A dairy sells milk for a fixed price with its processor and simultaneously buys Class III call options equal to volume and term of its plant contract. If the milk price during the term of the fixed price contract moves to higher levels, the call option position can capture a part of the higher price opportunity.
A dairy buys corn on a forward contract and simultaneously buys corn put options. The use of put options following a contract to purchase corn is also functional if the corn price would drop after the corn purchase price is fixed by contract.
Dairy margin example - In June 2008, the price of corn for 2009 was at $7 futures, and the 2009 price of Class III milk averaged over $20. To manage the margin, it required a dairy to sell milk and simultaneously buy corn. Many people close to these commodities advised dairies to buy $7 corn because they believed the corn market was going higher, and not to sell milk because they felt the milk price had to go higher as well. As a result, many dairymen, in fear of missing out on a better margin, accepted the risk of doing nothing.
Let us look at how options could have fit in:
Buy the $7.00 corn to lock in the corn price, and buy corn put options to cover the bushels contracted for the forward period involved.
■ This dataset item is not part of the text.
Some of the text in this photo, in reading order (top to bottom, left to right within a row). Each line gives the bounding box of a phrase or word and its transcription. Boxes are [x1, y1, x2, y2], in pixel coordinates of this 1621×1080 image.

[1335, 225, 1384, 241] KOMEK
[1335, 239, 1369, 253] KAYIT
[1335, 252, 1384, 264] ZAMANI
The corn puts would gain equity if the corn price would fall to lower prices after contracting at $7.
Sell the $20 milk, and buy milk call options to cover the pounds contracted for the forward period involved. The call options would gain equity if the milk price continued to move higher after being fixed at $20.
The above actions protected a margin, with the options providing opportunity for additional profitability if corn dropped and the milk price increased. These options have a premium consummate with the price levels protected. Options used to open the door of improved financial opportunity have a cost that must be budgeted and deemed affordable. However, they are available, they do work and they can be a practical remedy to greed and fear.
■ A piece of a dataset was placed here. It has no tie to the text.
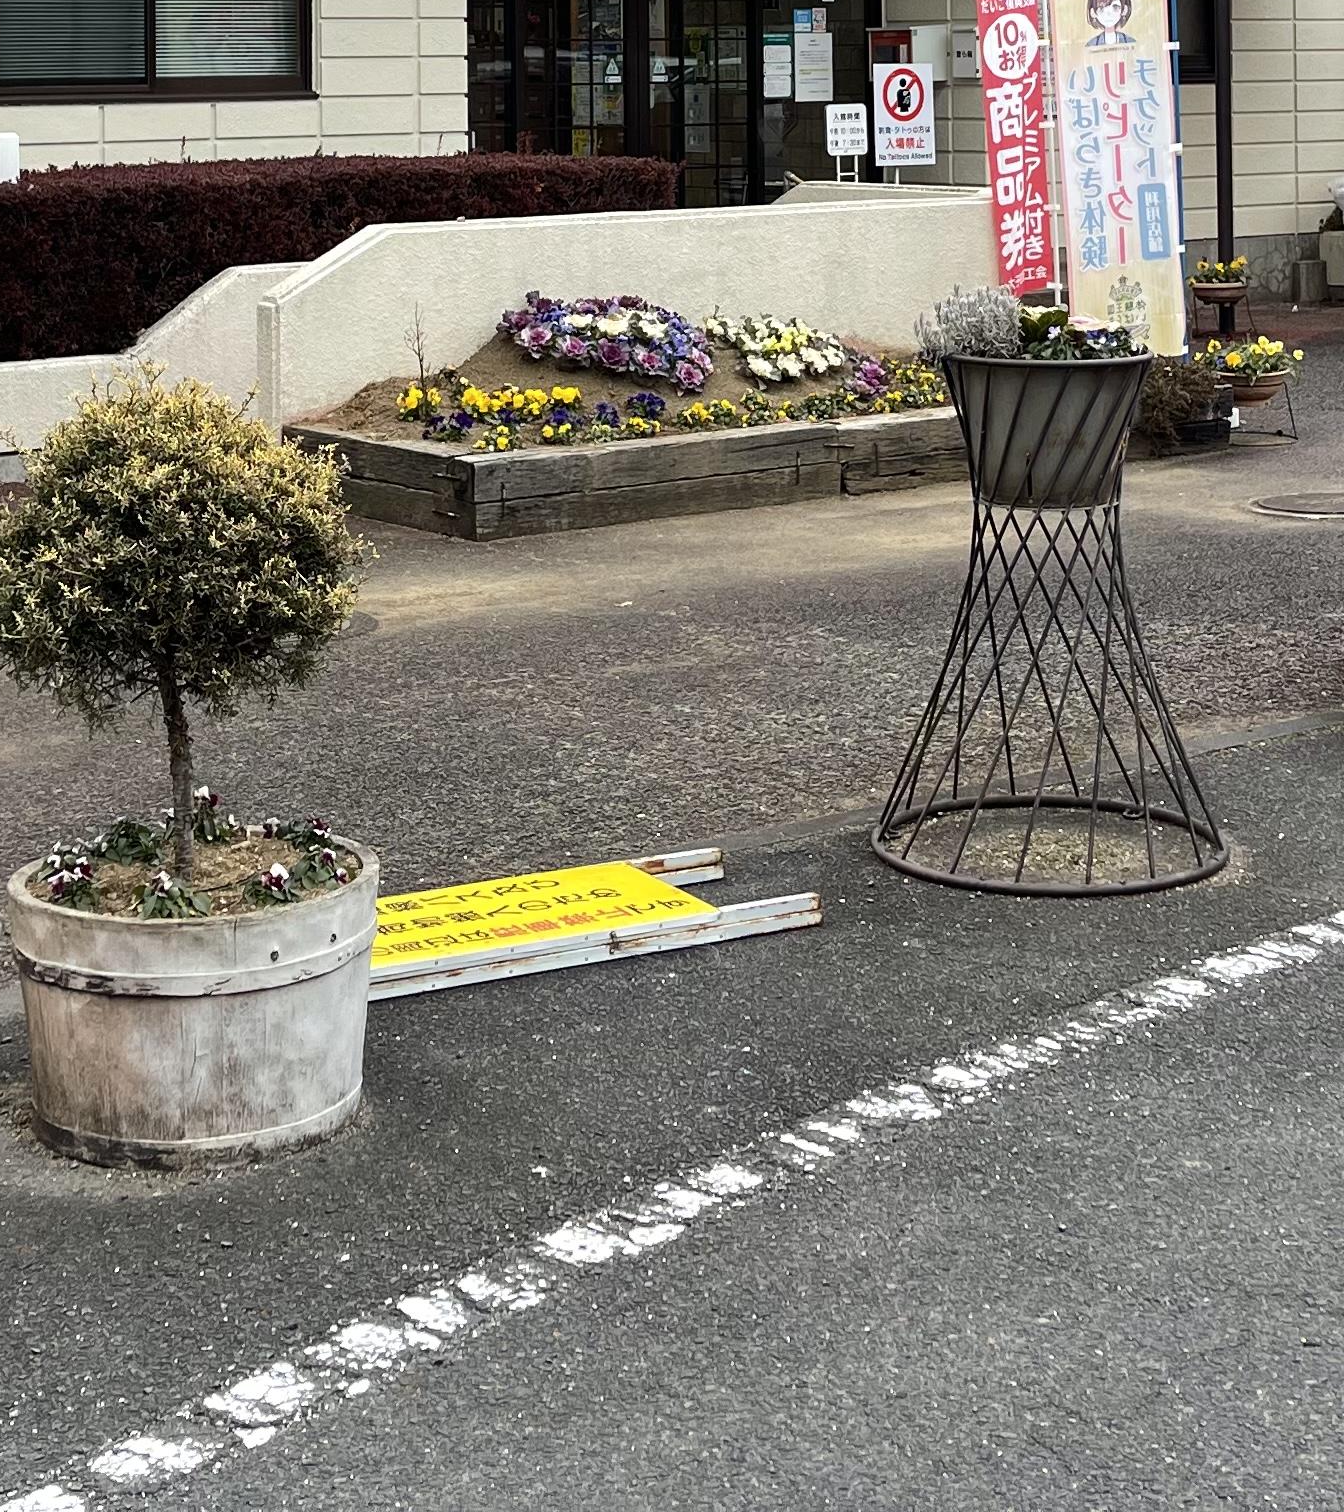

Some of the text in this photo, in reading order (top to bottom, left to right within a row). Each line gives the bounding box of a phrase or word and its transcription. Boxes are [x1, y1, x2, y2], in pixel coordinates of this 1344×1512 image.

[885, 137, 926, 149] 入場禁止
[986, 82, 1025, 271] 商品券
[1022, 72, 1045, 260] プレミアム付き
Dairymen who had acquired an understanding and proper expectation of options did in fact use this strategy when corn was $7 and milk was $20. They then were in a position to capture an improved margin opportunity when, in July 2009, milk futures prices dropped to $10.90/cwt. and corn fell to $3.50/bu.
Looking backward at what would or could have been may be helpful, but the real question is what can be done now?
Options can be used to manage margin risk and allow a dairy to be open to improved margin opportunity if the corn price drops and the milk price improves. With current feed prices and Class III milk averaging $16.25 for July through December 2012, margins are currently at or below breakeven in the West and moderate in the Midwest. Buying call options to cover the risk of a higher corn price while buying milk puts to manage the risk of a lower milk price for the period July 2012 through Dec 2012 is possible. The options manage margins against a decline while allowing room for upside participation. You are not locked into a corn or milk price; you only have taken an option position.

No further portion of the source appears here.